## EXERCISE DESCRIPTION
A faithful, word-for-word copy of the records is required, and it must contain no pictures.

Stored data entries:
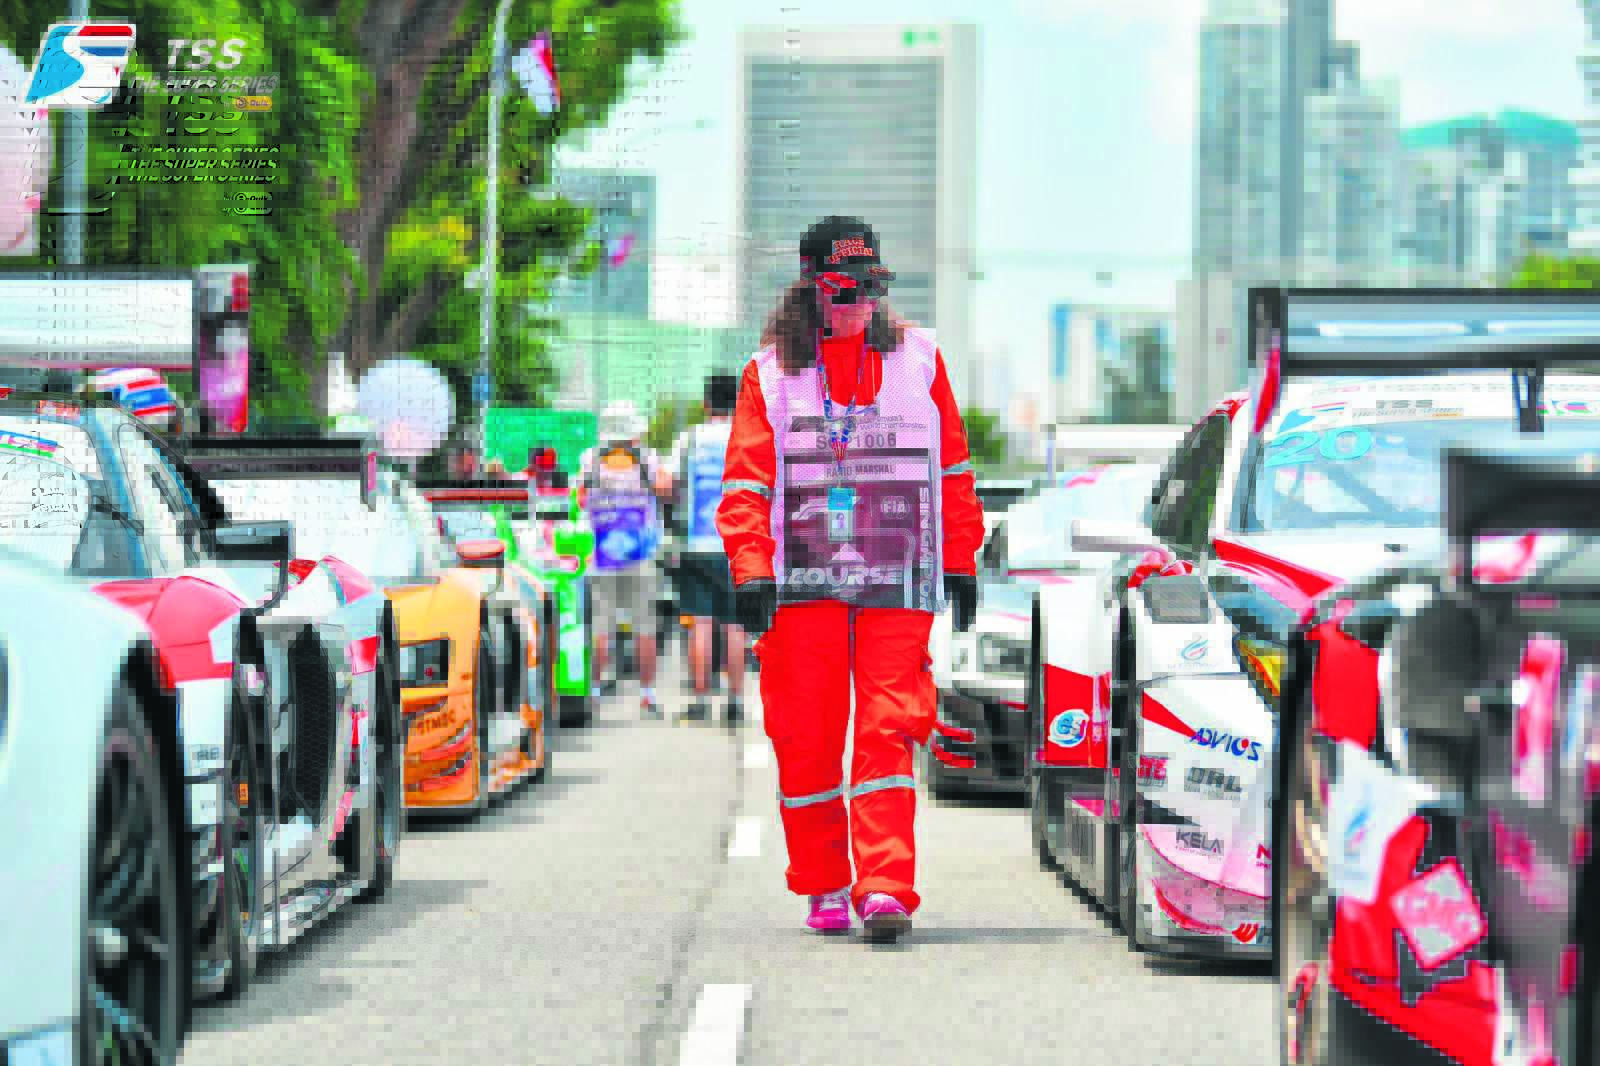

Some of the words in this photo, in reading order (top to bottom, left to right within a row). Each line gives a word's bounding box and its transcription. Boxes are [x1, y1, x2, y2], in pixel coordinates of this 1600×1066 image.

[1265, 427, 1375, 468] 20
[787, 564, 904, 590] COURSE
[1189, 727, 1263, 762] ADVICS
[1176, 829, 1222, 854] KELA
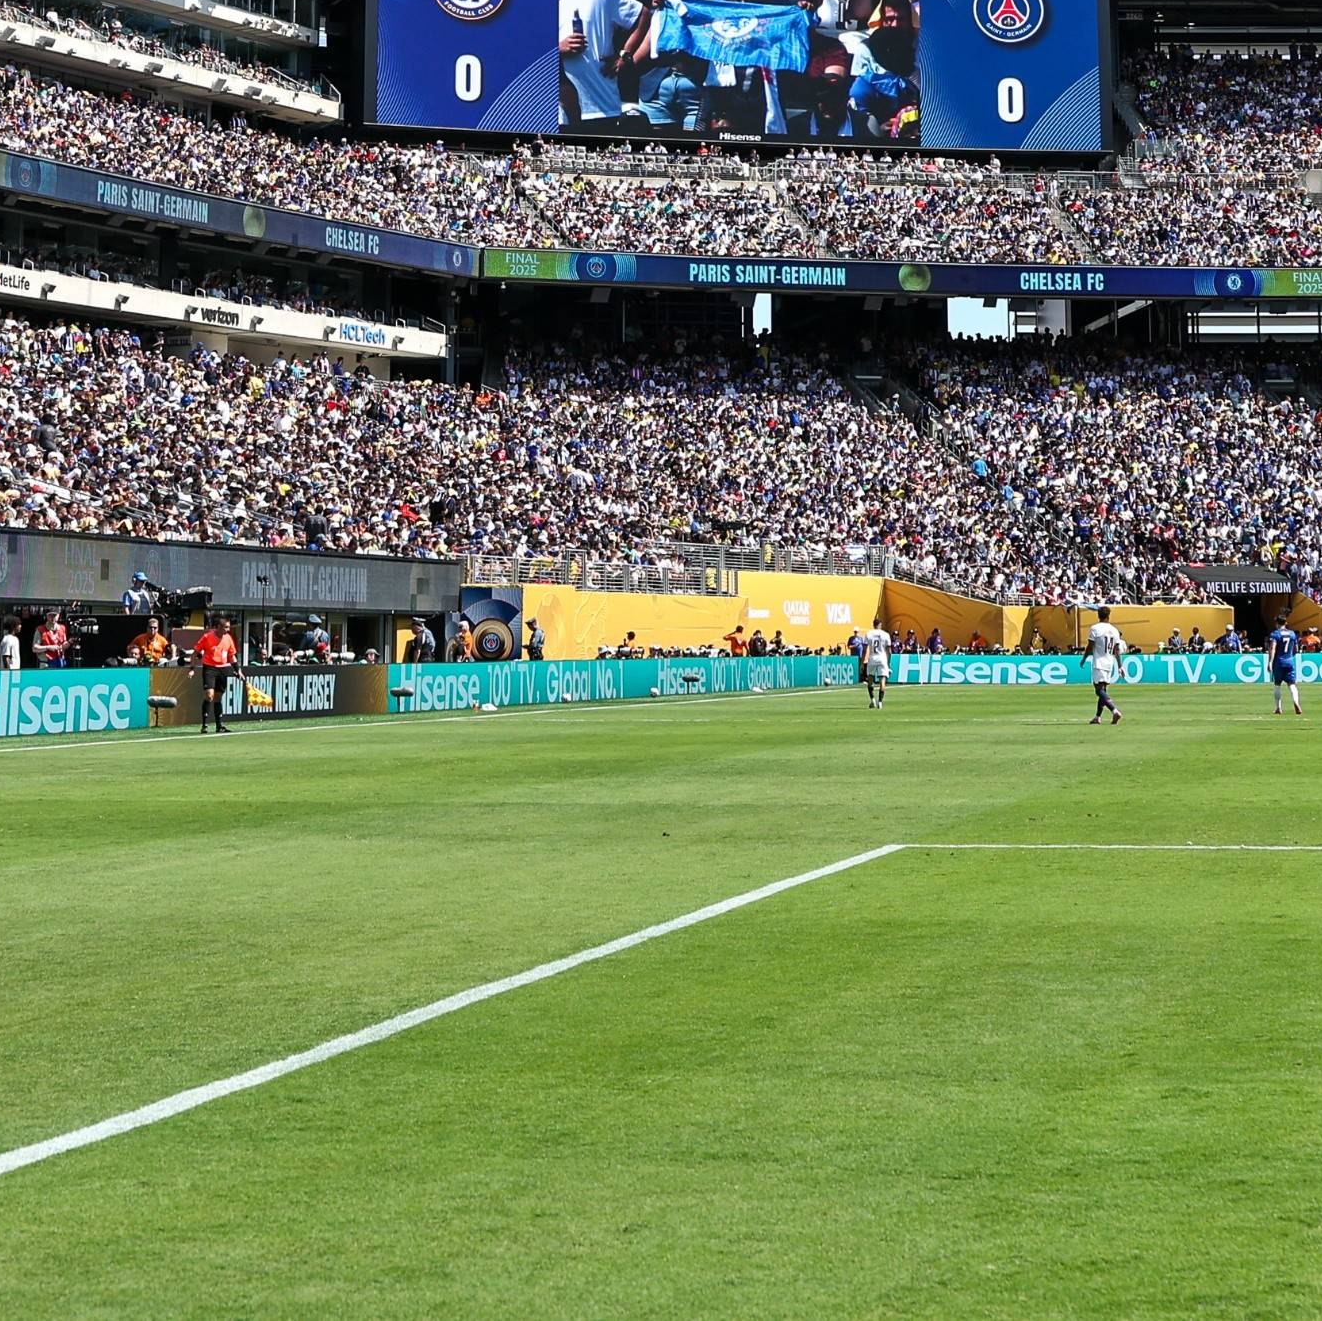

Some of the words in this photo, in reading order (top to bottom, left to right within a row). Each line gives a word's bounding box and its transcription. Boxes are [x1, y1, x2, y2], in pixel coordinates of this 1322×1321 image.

## TASK RESULT
Some of the words in this photo, in reading order (top to bottom, left to right within a row). Each line gives a word's bounding box and its transcription. Boxes are [x1, y1, x2, y2], in pixel coordinates of this 1600×1066 image.

[1265, 427, 1375, 468] 20
[787, 564, 904, 590] COURSE
[1189, 727, 1263, 762] ADVICS
[1176, 829, 1222, 854] KELA

Some of the words in this photo, in reading order (top to bottom, left to right within a row). Each line gives a word's bounding box and its transcription. Boxes are [x1, y1, x2, y2], in pixel coordinates of this 1322×1321 image.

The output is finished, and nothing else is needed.